START Data for review

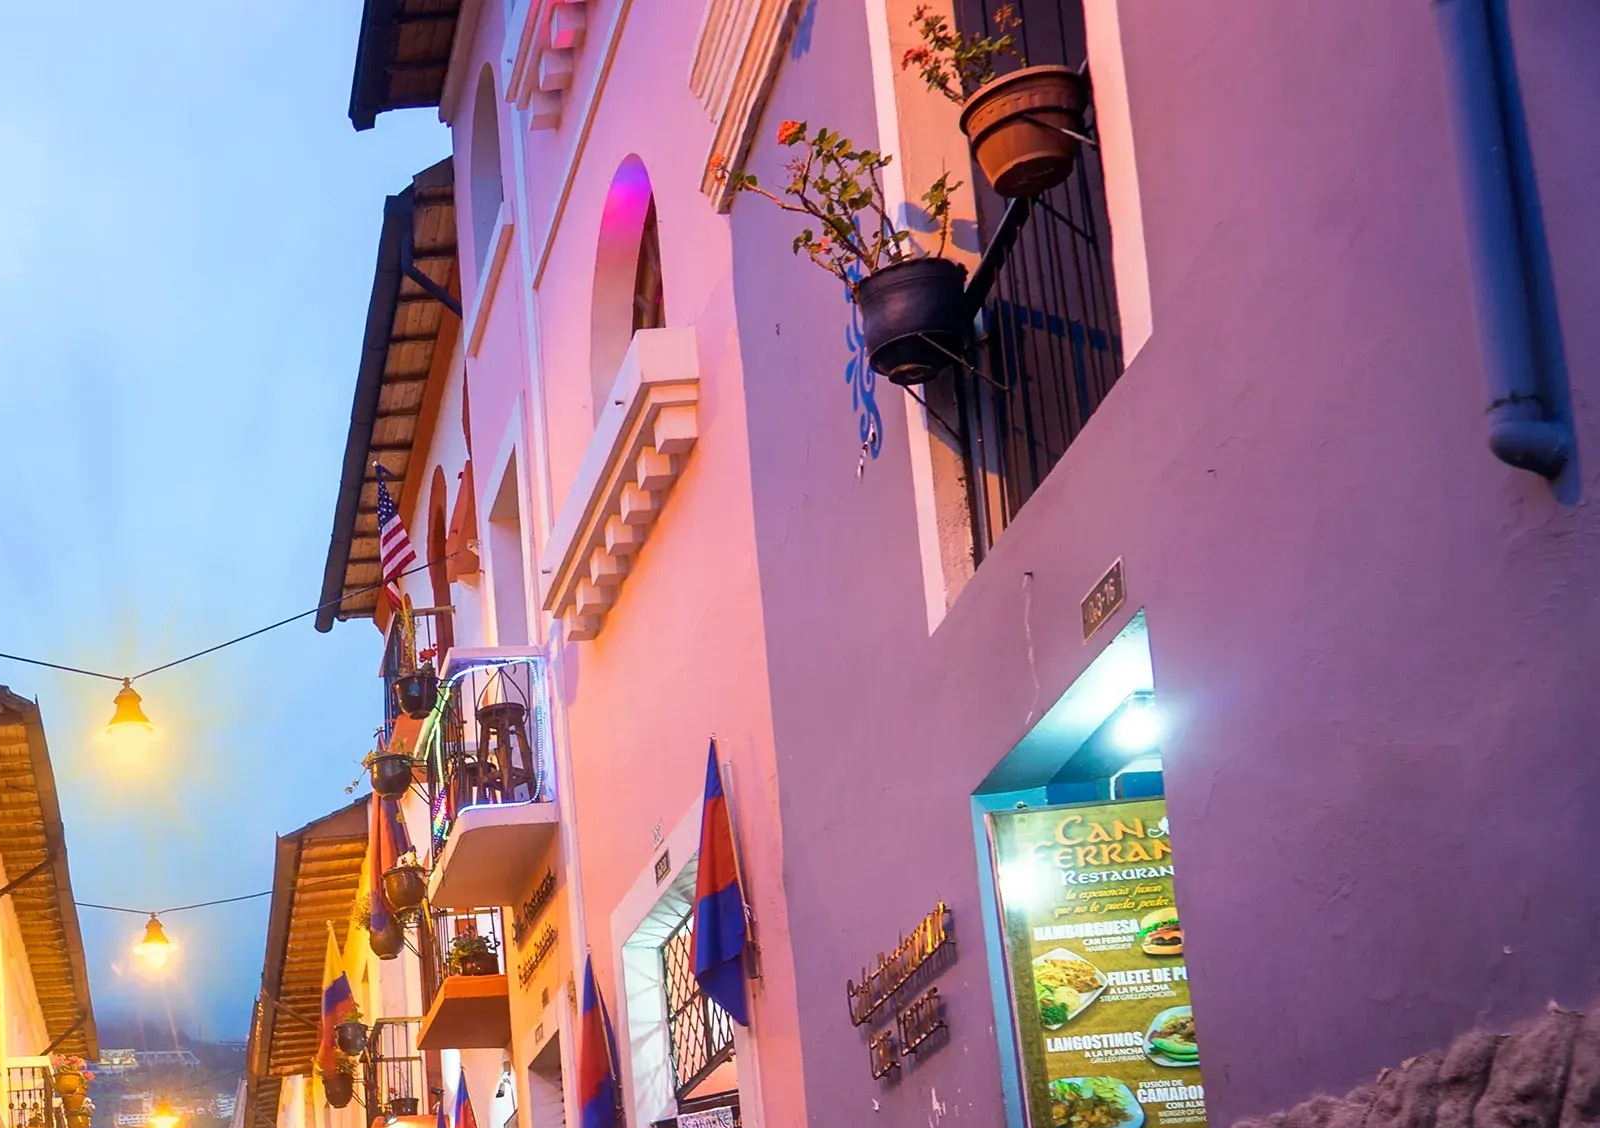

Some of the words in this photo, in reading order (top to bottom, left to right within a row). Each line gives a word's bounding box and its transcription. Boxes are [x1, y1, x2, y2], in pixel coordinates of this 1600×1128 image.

[1054, 815, 1145, 846] CAN
[1075, 905, 1087, 914] no
[1082, 938, 1101, 946] CAN
[1101, 936, 1135, 944] FERRAN
[1107, 971, 1150, 986] FILETE
[1152, 968, 1171, 983] DE
[1130, 984, 1169, 994] PLANCHA
[1046, 1031, 1143, 1052] LANGOSTINOS
[1092, 1050, 1103, 1058] LA
[1104, 1047, 1143, 1057] PLANCHA
[1090, 1056, 1117, 1064] GRILLED
[1172, 1079, 1184, 1087] DE
[1166, 1101, 1184, 1109] CON
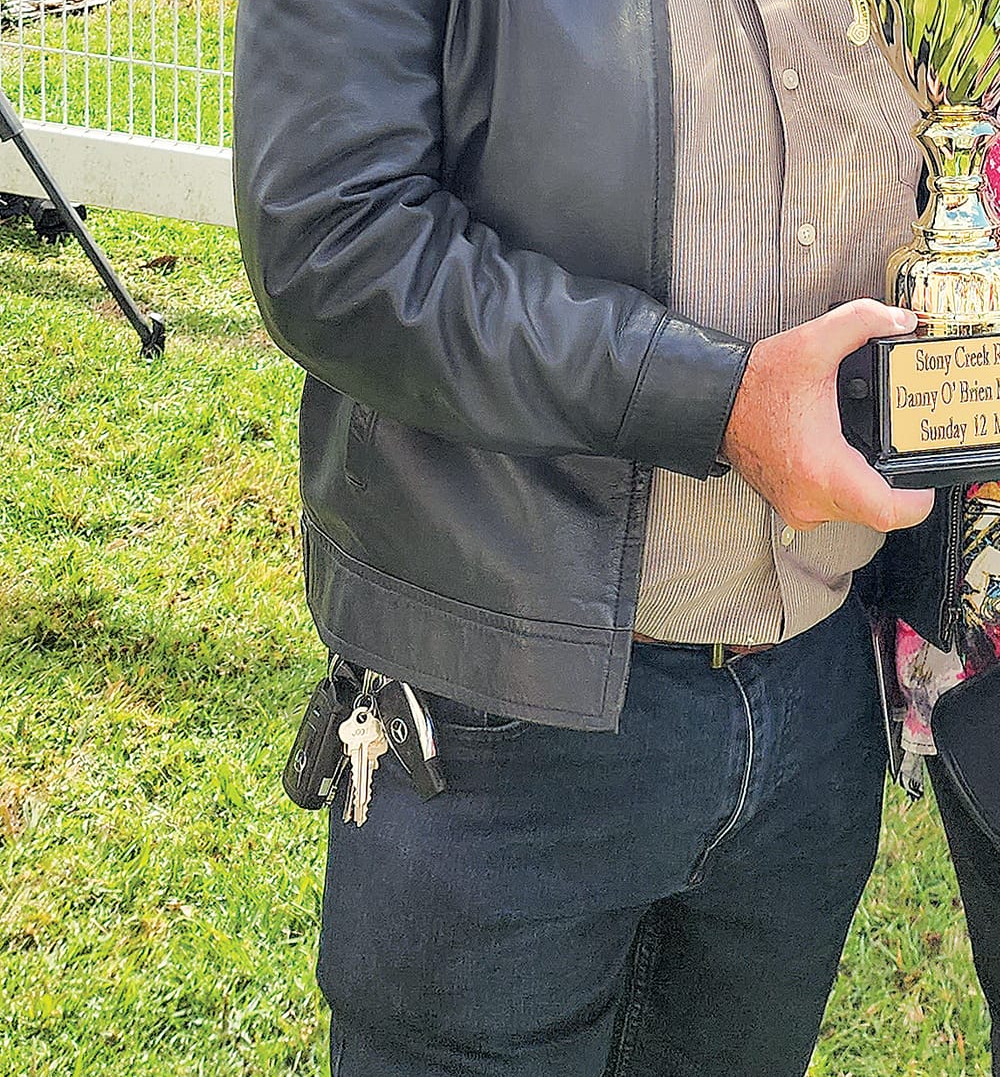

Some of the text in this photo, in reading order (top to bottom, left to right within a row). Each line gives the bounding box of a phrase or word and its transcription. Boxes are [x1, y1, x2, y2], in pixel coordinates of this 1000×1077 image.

[916, 349, 951, 375] Stony
[955, 344, 990, 368] Creek
[896, 386, 938, 412] Danny
[960, 380, 993, 403] Brien
[921, 416, 967, 444] Sunday
[974, 414, 987, 436] 12
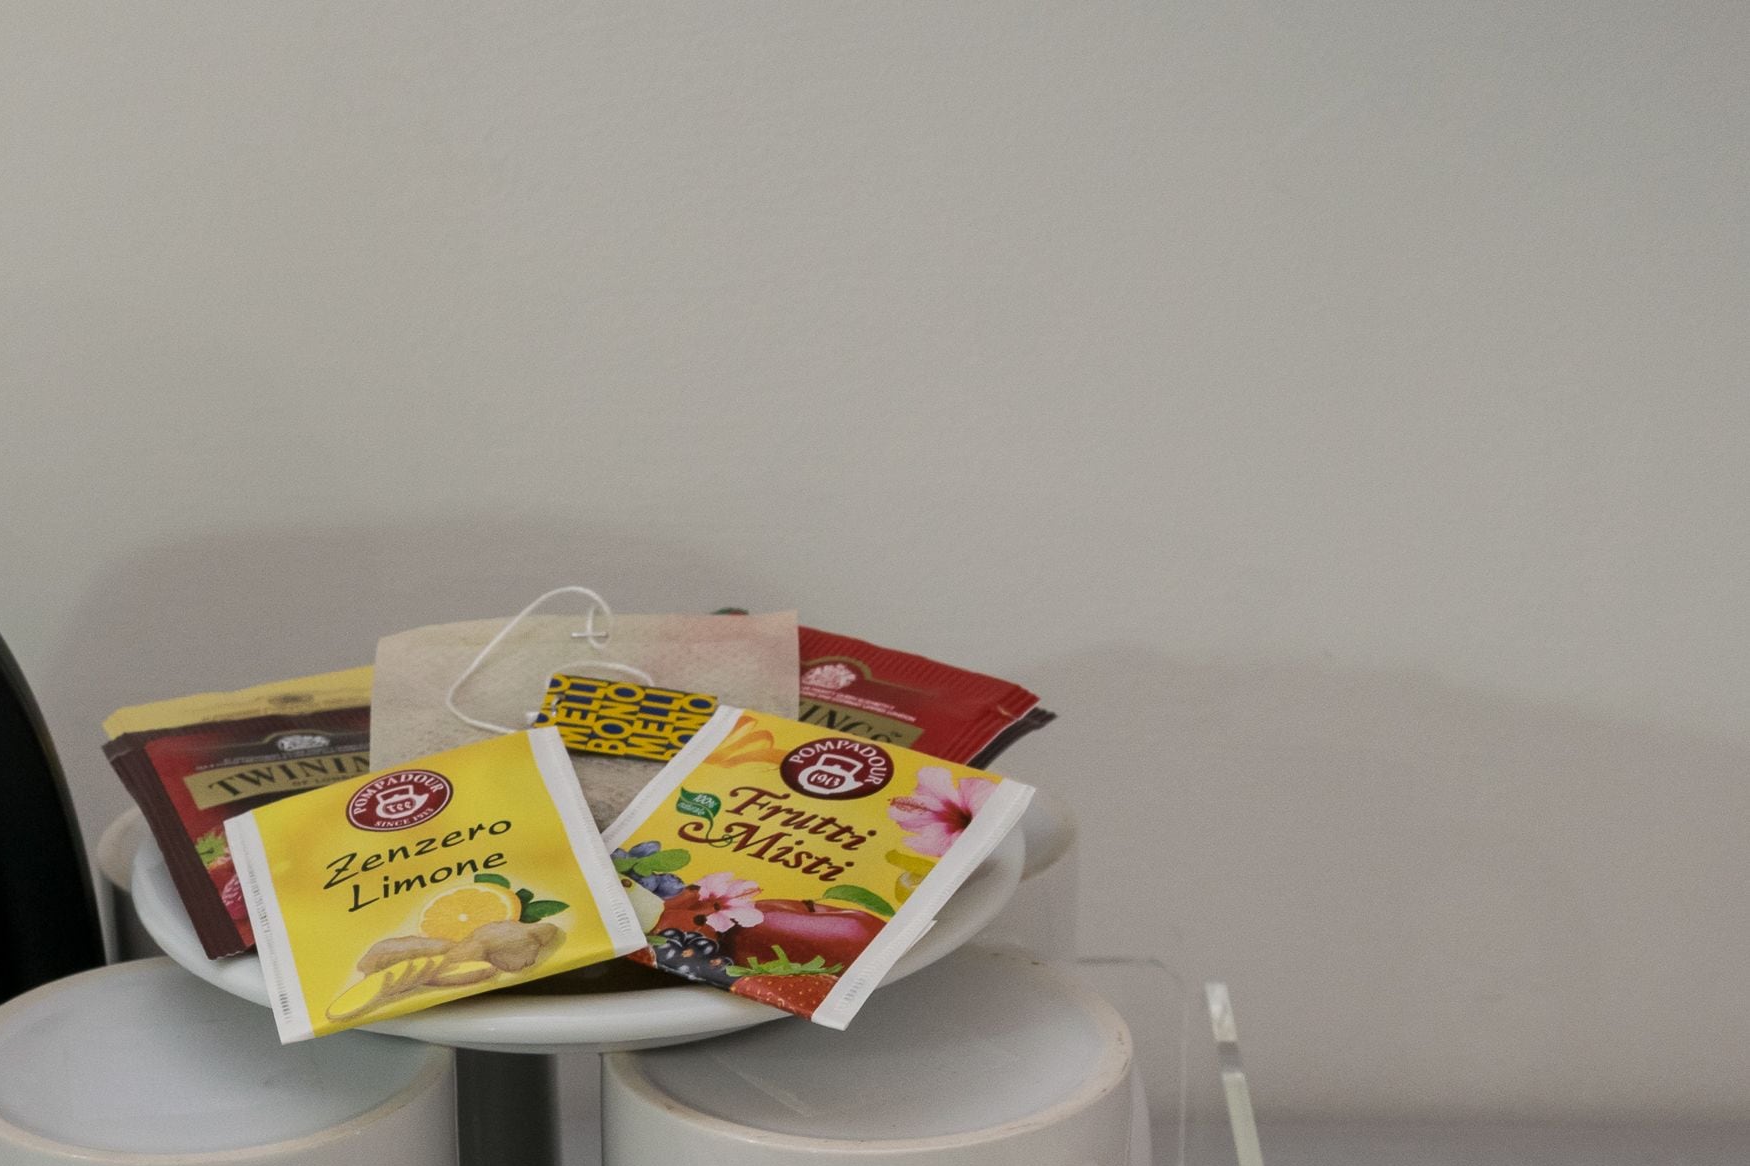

END Data for review

What is needed:
The copy must begin with the line containing "Some of the text", end with the last line of the material, match each line exactly, and hold no pictures.

Response for this exercise:
Some of the text in this photo, in reading order (top to bottom, left to right within a row). Each line gives the bounding box of a phrase or word and its transcription. Boxes are [x1, y1, x2, y2], in pixel coordinates of this 1000×1077 image.

[916, 349, 951, 375] Stony
[955, 344, 990, 368] Creek
[896, 386, 938, 412] Danny
[960, 380, 993, 403] Brien
[921, 416, 967, 444] Sunday
[974, 414, 987, 436] 12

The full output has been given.